NYCHA has a capital needs backlog of nearly $17 billion, and federal funding is an open question. Still, said Johnson, the agency gets no free pass.

“I understand NYCHA is facing cuts from the federal government, but the scope of this failure is mind-boggling, even in this context,” he said.

After his swearing in, Johnson immediately created a subcommittee on capital budgets. De Blasio’s modified capital commitment plan for fiscal 2018-22 authorizes agencies to commit $79.6 billion, of which $71.9 billion will be city-funded.

“We have to make sure we’re spending money wisely and effectively,” he said. The new panel, he said, would commit to infrastructure needs, promote transparency and monitor project delivery.

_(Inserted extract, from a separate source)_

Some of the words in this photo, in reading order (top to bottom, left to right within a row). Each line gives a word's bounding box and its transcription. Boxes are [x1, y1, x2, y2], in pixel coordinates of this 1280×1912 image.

De Blasio last week released his $88.7 billion preliminary budget, kicking off the process for the fiscal 2019 spending plan. He was scheduled to deliver his State of the City address Tuesday night at the King’s Theatre in Brooklyn.

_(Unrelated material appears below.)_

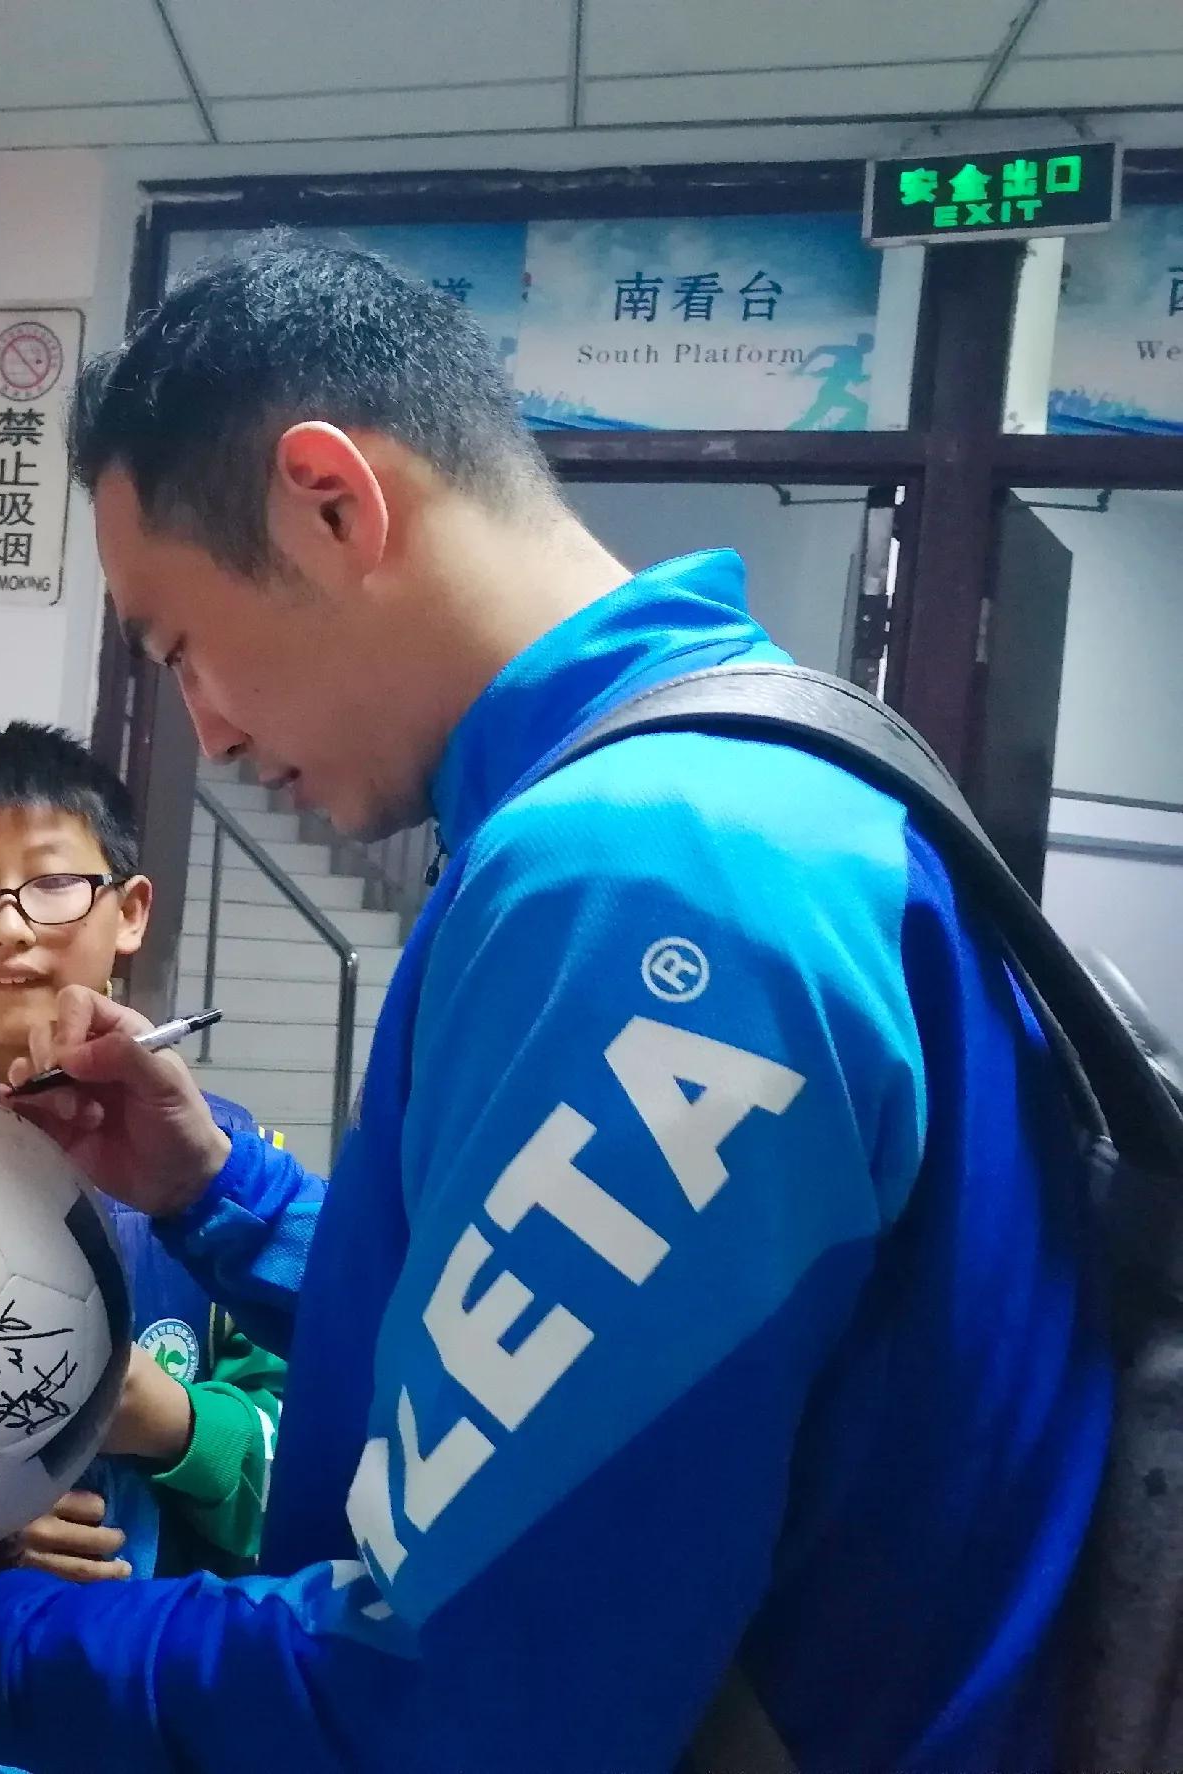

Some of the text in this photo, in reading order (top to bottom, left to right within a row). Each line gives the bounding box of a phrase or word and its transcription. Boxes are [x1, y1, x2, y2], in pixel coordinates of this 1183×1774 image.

[899, 155, 1082, 206] 安全出口
[933, 199, 1043, 228] EXIT
[614, 270, 783, 322] 南看台
[577, 344, 808, 366] South Platform

Johnson’s leadership veers sharply from that of predecessor Melissa Mark-Viverito, a de Blasio loyalist whom the mayor hand-picked for the position. Term limits prevented Mark-Viverito from running again.
The last two budgets sailed through the council with little debate, and de Blasio signed both a month early.

While fiercely liberal like de Blasio and Mark-Viverito, Johnson, 35, has promised fiscal tenacity.

He drove that point home during a keynote breakfast speech before the business group Association for a Better New York, even invoking how political and business leaders collaborated to lift the city out of its mid-1970s fiscal crisis.

“Progressivism and business are not always a natural fit, but that’s New York,” Johnson said at the Marriott Marquis hotel in Times Square.

Johnson, who is openly gay, moved to New York from Boston’s North Shore right after high school. He chaired Manhattan's Community Board 4 before his election to the council. His district along Manhattan's West Side stretches from Greenwich Village to Columbus Circle.

“Corey is a story of personal grit and civic leadership,” said ABNY president Steven Rubenstein, president of the namesake communications agency founded by his father, Howard. “Corey’s track record is strong.”

Johnson, unlike de Blasio, is receptive to more funding for the Metropolitan Transportation Authority, the state-run agency that operates the city’s subways and buses. He added, though that strict oversight should accompany any increase.

His doggedness emerged two years ago when, as chairman of the council’s health committee, he questioned then-Health + Hospitals president Ram Raju shortly after de Blasio announced an overhaul of the embattled city unit.

Raju said the plan would involve no hospital closures, service privatizations or significant layoffs.

Johnson replied: "If none of those three things are on the table and we are relying on federal and state action to benefit the corporation … I mean, where do we go buy the Powerball ticket?”

After a round of council hearings, the mayor will adjust and release an executive budget in April that the 51-member council must approve by June 30.